• _TASK STATEMENT_
A faithful copy of all the records is needed, with the pictures omitted.

• _RECORDS SUPPLIED_

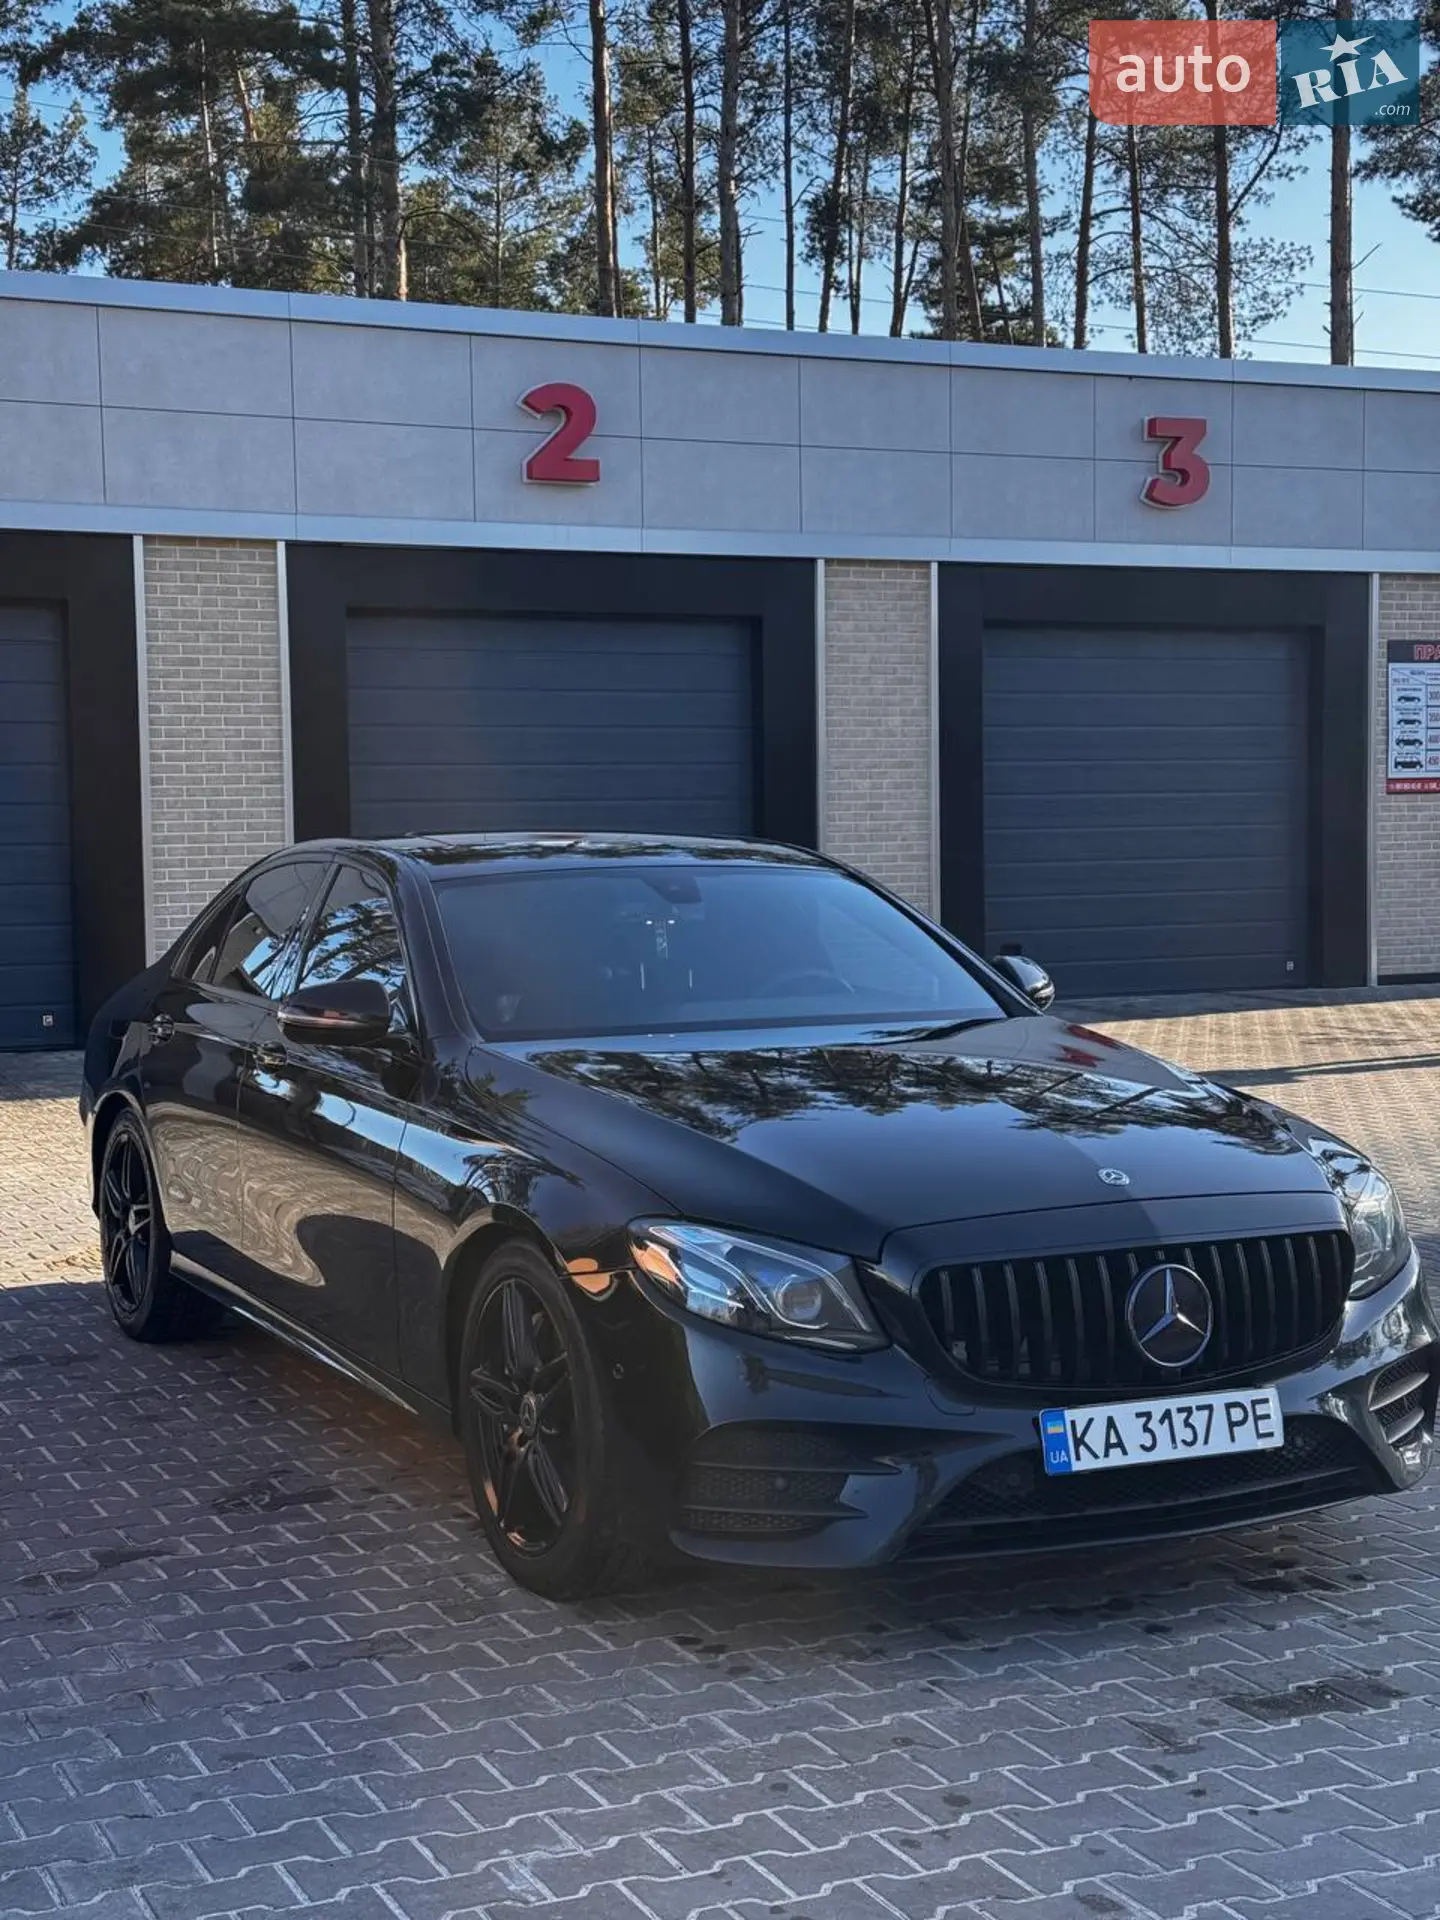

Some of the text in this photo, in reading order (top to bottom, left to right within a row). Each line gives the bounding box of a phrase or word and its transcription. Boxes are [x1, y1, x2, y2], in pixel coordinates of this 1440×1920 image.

[516, 382, 600, 485] 2
[1140, 414, 1211, 509] 3
[1050, 1450, 1069, 1464] UA
[1135, 1403, 1214, 1453] 3137
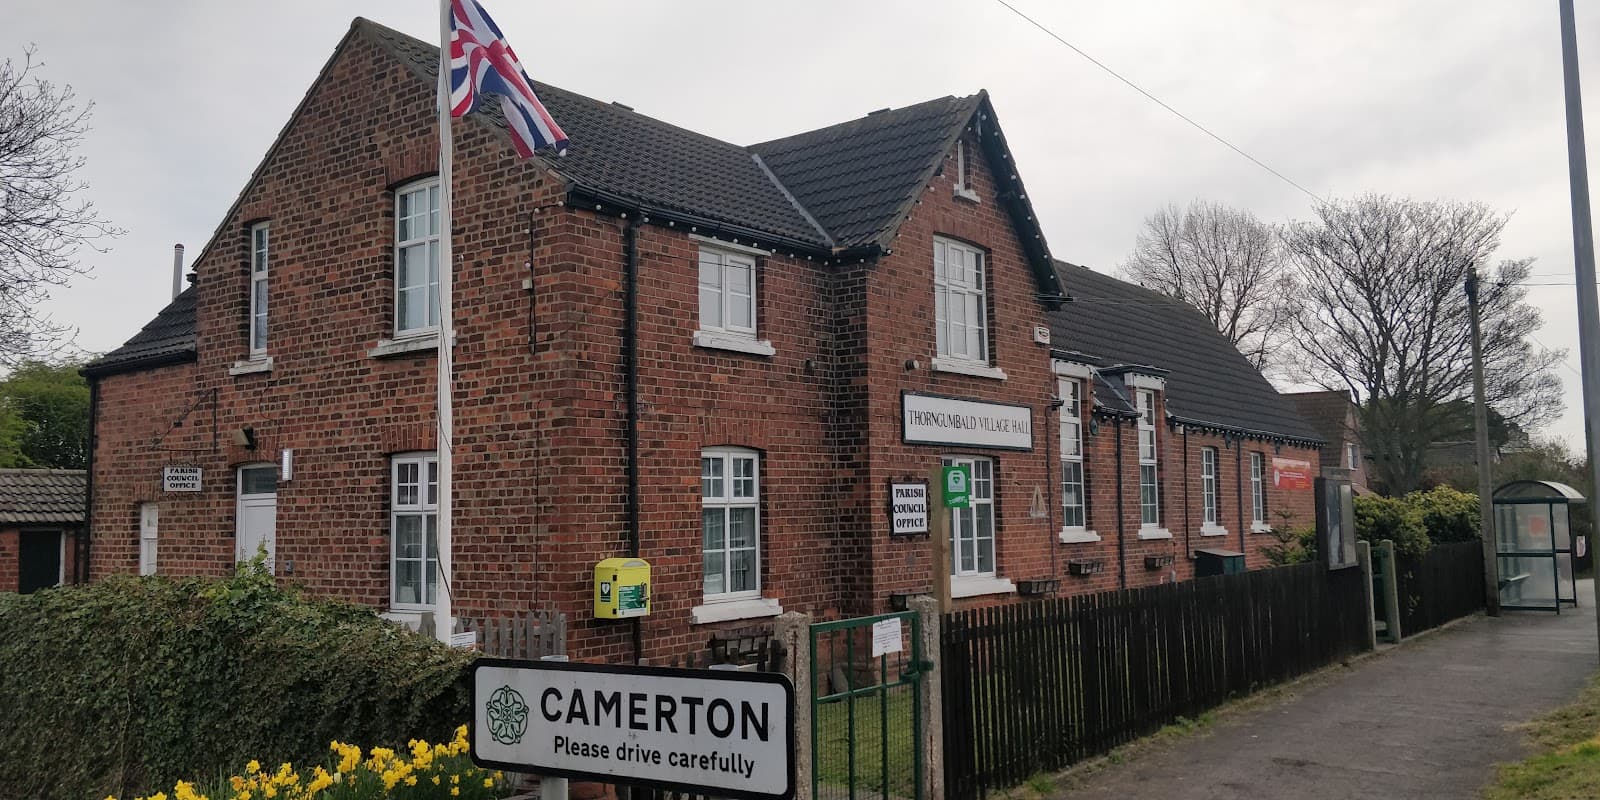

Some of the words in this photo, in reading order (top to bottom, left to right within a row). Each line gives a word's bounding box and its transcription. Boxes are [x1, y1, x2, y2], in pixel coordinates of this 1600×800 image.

[908, 410, 977, 430] THORNGUMBALD
[978, 416, 1010, 432] VILLAGE
[1012, 420, 1030, 434] HALL
[895, 488, 924, 498] PARISH
[893, 504, 926, 513] COUNCIL
[896, 518, 924, 528] OFFICE
[541, 687, 769, 742] CAMERTON
[554, 736, 610, 759] Please
[616, 742, 662, 764] drive
[668, 748, 755, 778] carefully

• _RESPONSE AREA_
Some of the text in this photo, in reading order (top to bottom, left to right within a row). Each line gives the bounding box of a phrase or word and its transcription. Boxes are [x1, y1, x2, y2], in pixel coordinates of this 1440×1920 image.

[516, 382, 600, 485] 2
[1140, 414, 1211, 509] 3
[1050, 1450, 1069, 1464] UA
[1135, 1403, 1214, 1453] 3137

Some of the words in this photo, in reading order (top to bottom, left to right within a row). Each line gives a word's bounding box and its transcription. Boxes are [x1, y1, x2, y2], in pixel coordinates of this 1600×800 image.

[908, 410, 977, 430] THORNGUMBALD
[978, 416, 1010, 432] VILLAGE
[1012, 420, 1030, 434] HALL
[895, 488, 924, 498] PARISH
[893, 504, 926, 513] COUNCIL
[896, 518, 924, 528] OFFICE
[541, 687, 769, 742] CAMERTON
[554, 736, 610, 759] Please
[616, 742, 662, 764] drive
[668, 748, 755, 778] carefully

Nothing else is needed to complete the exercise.